Indes steigt der schale Geruch von draussen in meine Nase. Doch mein Fokus lässt nichts anderes zu, als meine Sorge um Jie und Lenny, welcher aufgeregt zwitschert. Vorsichtig taste ich mit meinen Händen Jie ab und fühle seinen oberflächlich schnellen Atem. Tief in seiner Brust rast sein Herz. Bilder zucken vor meinen Augen auf, doch sie sind zusammenhangslos.

«Jie...bitte, was ist denn geschehen?», flüstere ich zwischen leisen Schluchzern. Lenny beginnt mit seinem Schnabel heftig gegen die Tür zu hacken und ich fühle beinahe eine gewisse Wut durch ihn zu mir kommen. Dann begreife ich. So gut es geht und so sanft wie möglich ziehe ich Jies schweren Körper weiter in die Hütte hinein und schliesse danach sofort die Tür. Lenny beginnt sich zu entspannen und flattert auf meinen Stuhl, während sein Blick auf Jies Lieblingsplatz, vor dem Kamin weist.

Einen tiefen Atemzug nehmend, die Schultern straffend und den nächsten Schluchzer unterdrückend, packe ich Jie erneut. Vorsichtig, als trüge ich das wertvollste Juwel in meinen Händen, bringe ich Jie vor den Kamin. Und wenn ich ehrlich bin, ist er einer der wertvollsten Juwelen...

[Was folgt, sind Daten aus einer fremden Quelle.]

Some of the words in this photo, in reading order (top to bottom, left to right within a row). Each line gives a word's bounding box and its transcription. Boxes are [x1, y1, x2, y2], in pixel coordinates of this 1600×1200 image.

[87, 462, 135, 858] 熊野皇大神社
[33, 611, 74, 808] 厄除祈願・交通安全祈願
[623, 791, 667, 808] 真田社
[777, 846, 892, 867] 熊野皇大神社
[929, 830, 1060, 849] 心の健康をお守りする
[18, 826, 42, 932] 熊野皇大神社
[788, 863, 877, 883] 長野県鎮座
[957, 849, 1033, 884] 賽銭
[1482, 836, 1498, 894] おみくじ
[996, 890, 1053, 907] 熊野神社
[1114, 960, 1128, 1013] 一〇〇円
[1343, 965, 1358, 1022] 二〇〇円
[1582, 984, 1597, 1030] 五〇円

Sofort steigen erneut Tränen empor und verschleiern meine Sicht. «Was soll ich nur tun?», frage ich laut in die Hütte, in der Hoffnung irgendwoher eine Antwort zu bekommen.

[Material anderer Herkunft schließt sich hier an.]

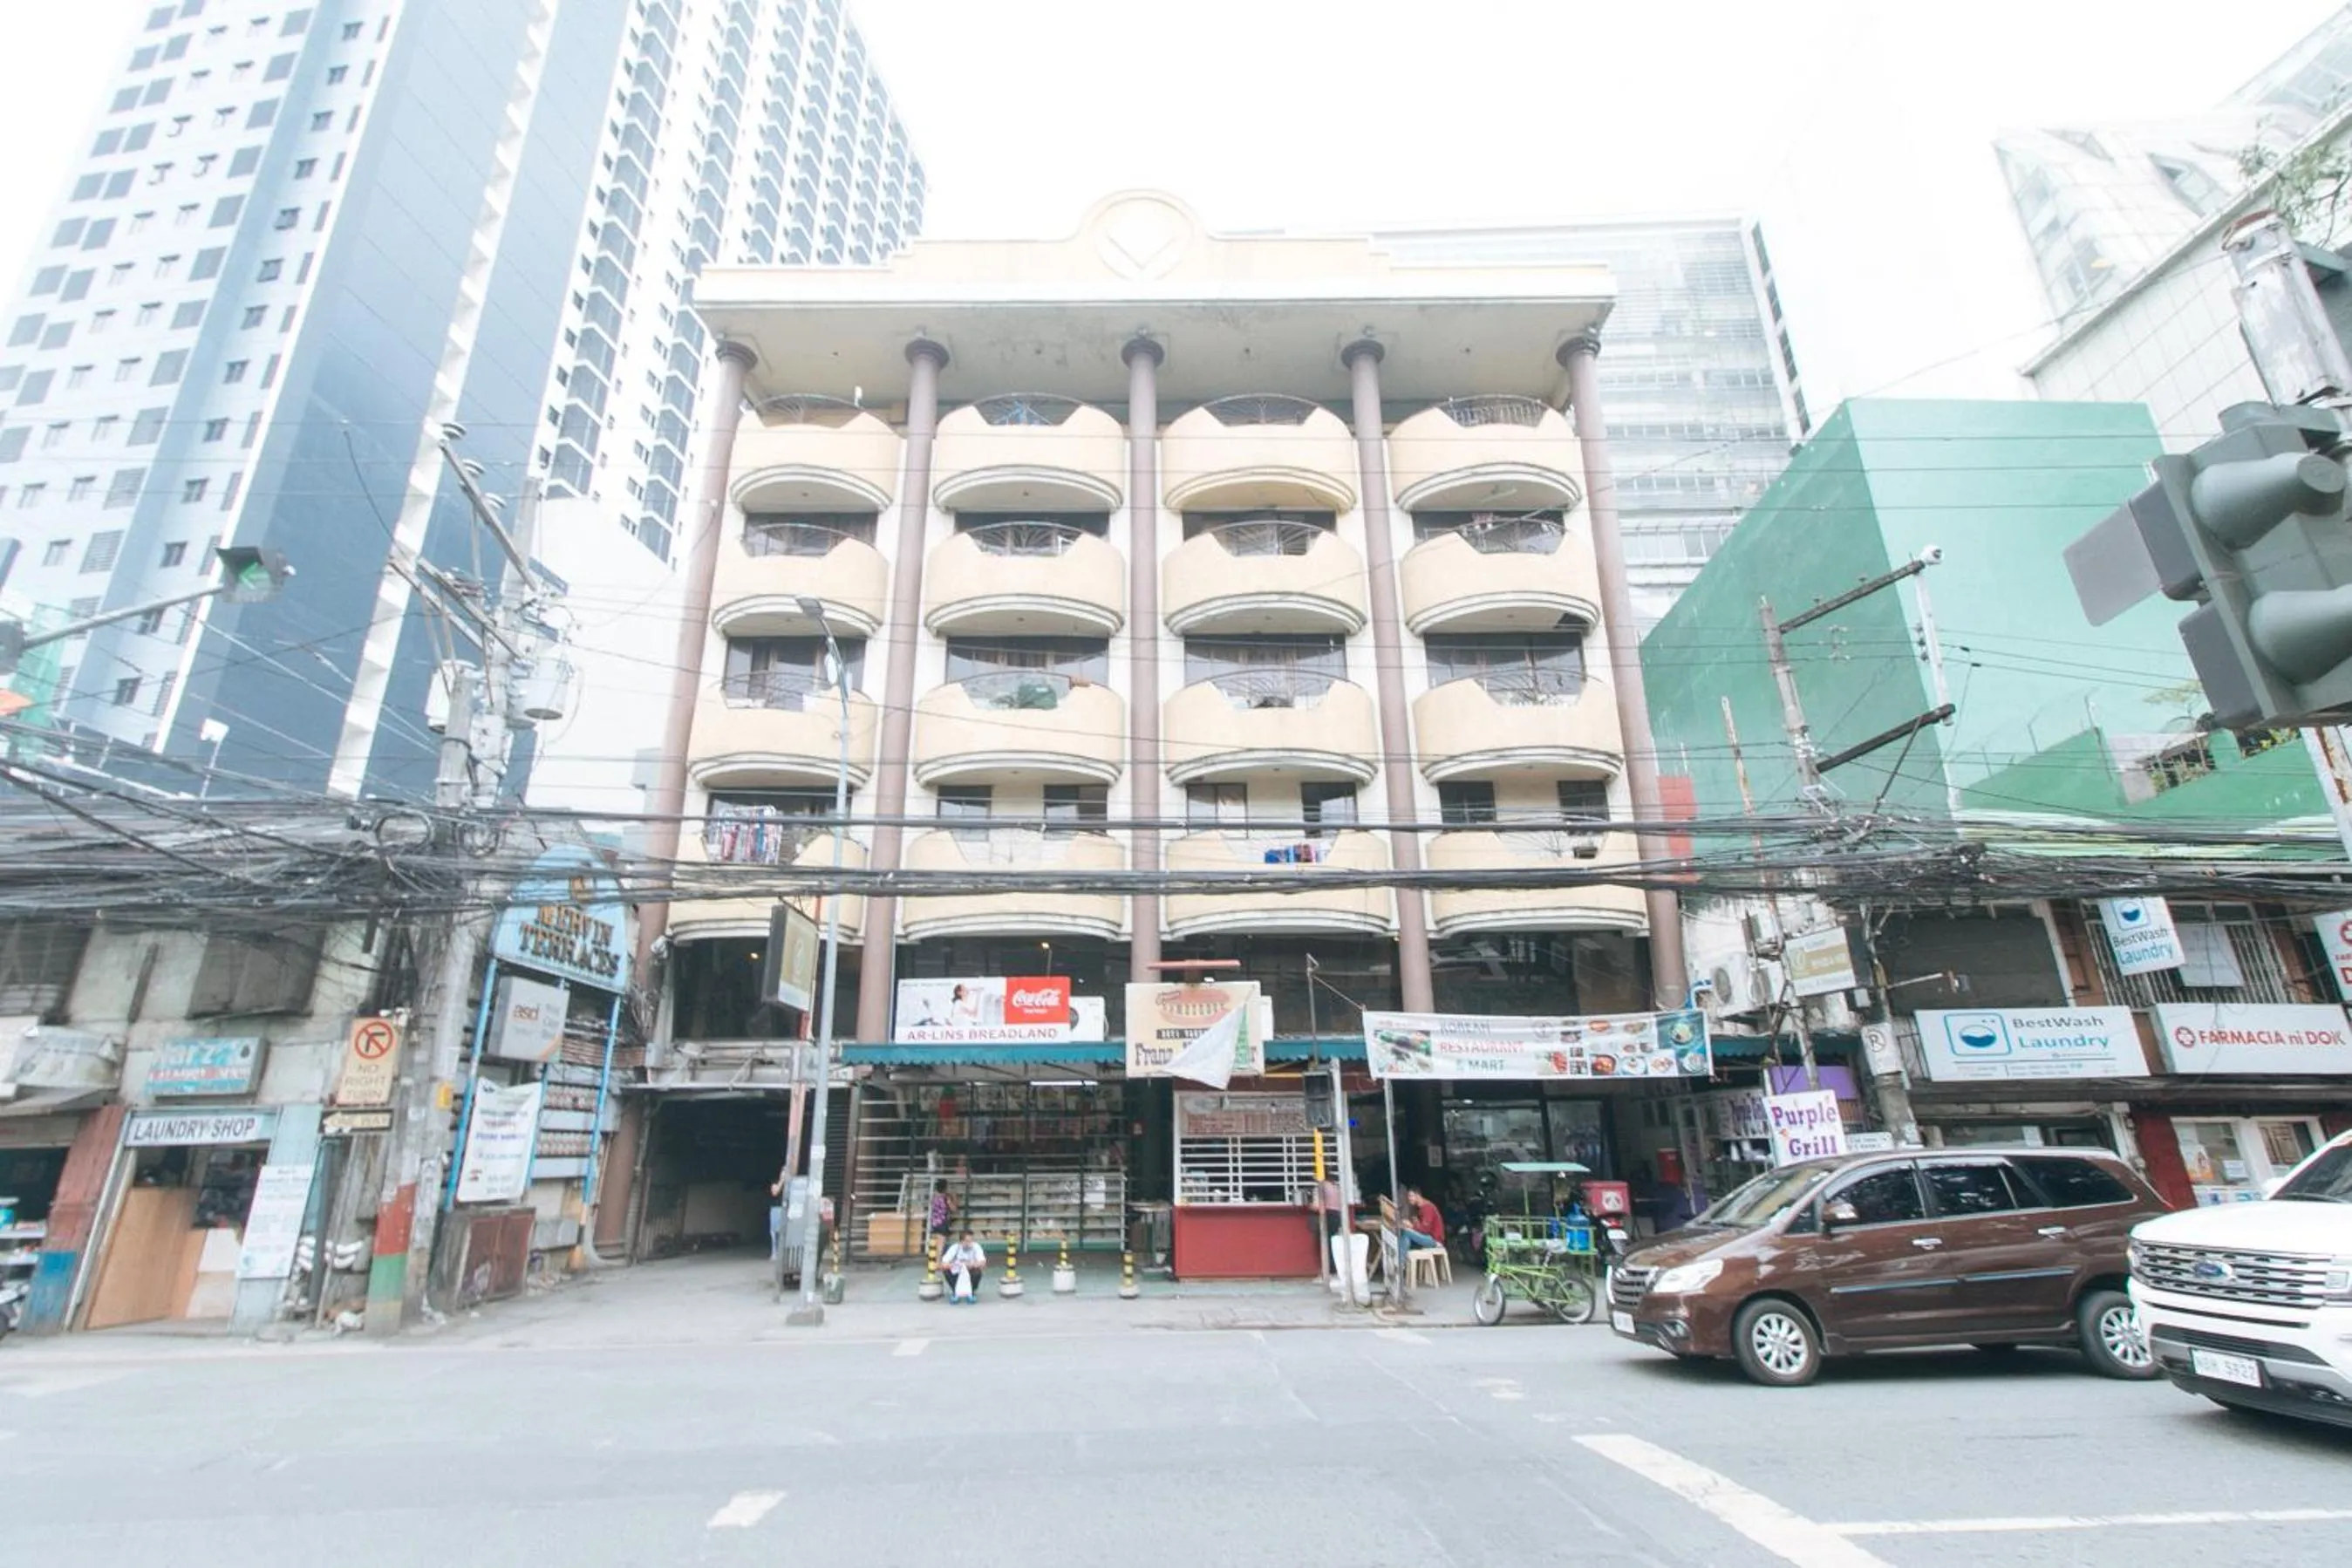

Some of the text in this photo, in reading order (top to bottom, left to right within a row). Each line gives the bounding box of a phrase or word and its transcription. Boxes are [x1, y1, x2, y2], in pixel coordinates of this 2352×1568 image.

[2111, 925, 2170, 948] BestWash
[2117, 942, 2174, 965] Laundry
[1440, 1019, 1490, 1036] KOREAN
[2012, 1015, 2104, 1029] BestWash
[907, 1027, 1058, 1041] AR-LINS BREADLAND
[2017, 1033, 2110, 1049] Laundry
[2198, 1029, 2285, 1046] FARMACIA
[1440, 1040, 1525, 1054] RESTAURANT
[358, 1064, 378, 1074] NO
[1468, 1059, 1507, 1071] MART
[344, 1075, 385, 1087] RIGHT
[345, 1089, 384, 1101] TURN
[1771, 1101, 1837, 1130] Purple
[133, 1117, 256, 1141] LAUNDRY SHOP
[1788, 1134, 1838, 1156] Grill

Augenblicklich hallt die Stimme wieder in meinem Kopf auf...Erinnere dich...

«Jajaja...schon klar, aber was hilft das Jie, er hat Schmerzen verdammt...» Prüfend sehe ich zu Lenny, er hat einfach immer den Durchblick. Auch diesmal hüpft er aufgeregt hin und her, lockt mich zu unseren Vorräten und Kräutern. Mit seinem Schnabel pickt er an einer Wacholderbeere und sieht mich gleich darauf fordernd an.

Hastig blicke ich hin und her. Wacholder, ja das könnte gehen und Beifuss, denke ich hastig und nehme eine kleine Schale aus Stein in die Hand. Damit wende ich mich dem Kamin zu und fische – eher unbeholfen – ein paar Glutstücke heraus. Darauf lege ich die Wacholdernadeln und einige getrocknete Artemisia Blätter. Augenblicke später, es fühlt sich an, als würde sich die Zeit dehnen, stelle ich das rauchende Gefäss in Jies Nähe. Schnell hat sich der angenehme und kräftige Duft der Pflanzen im Raum verteilt.

Mit dem Mörser stosse ich einige der Beeren ein wenig an und setze etwas Wasser auf dem Feuer auf. Sofort, als dieses zu dampfen beginnt, greife ich mit einem Tuch danach und nehme den Kessel zum Holztisch. Als die Kräuter und getrockneten Beeren im Wasser liegen beginnen sie, genauso wie der Rauch, schnell ihr Aroma zu verbreiten.

«Meinst du das reicht?», frage ich Lenny unbeholfen. Dieser antwortet mir mit einem knappen Zwitschern und einem schief gelegten Kopf. «Ich interpretiere das jetzt als ein Ja...gut.»

Vorsichtig tauche ich ein Stück Leinenstoff in den Kräuterauszug und lege diesen anschliessend vorsichtig auf Jies Kopf. Etwas Besseres fällt mir im Augenblick nicht ein. Jie ist seit einiger Zeit still, atmet schwer und ist daher sicherlich nicht in der Lage zu trinken. Ausserdem weiss ich noch nicht mal, ob Bären das trinken dürfen. Mir bleibt nichts anderes übrig, als seinem Instinkt zu vertrauen, wenn er aufwachen sollte. Wenn er aufwacht! Er wacht auf, er muss einfach...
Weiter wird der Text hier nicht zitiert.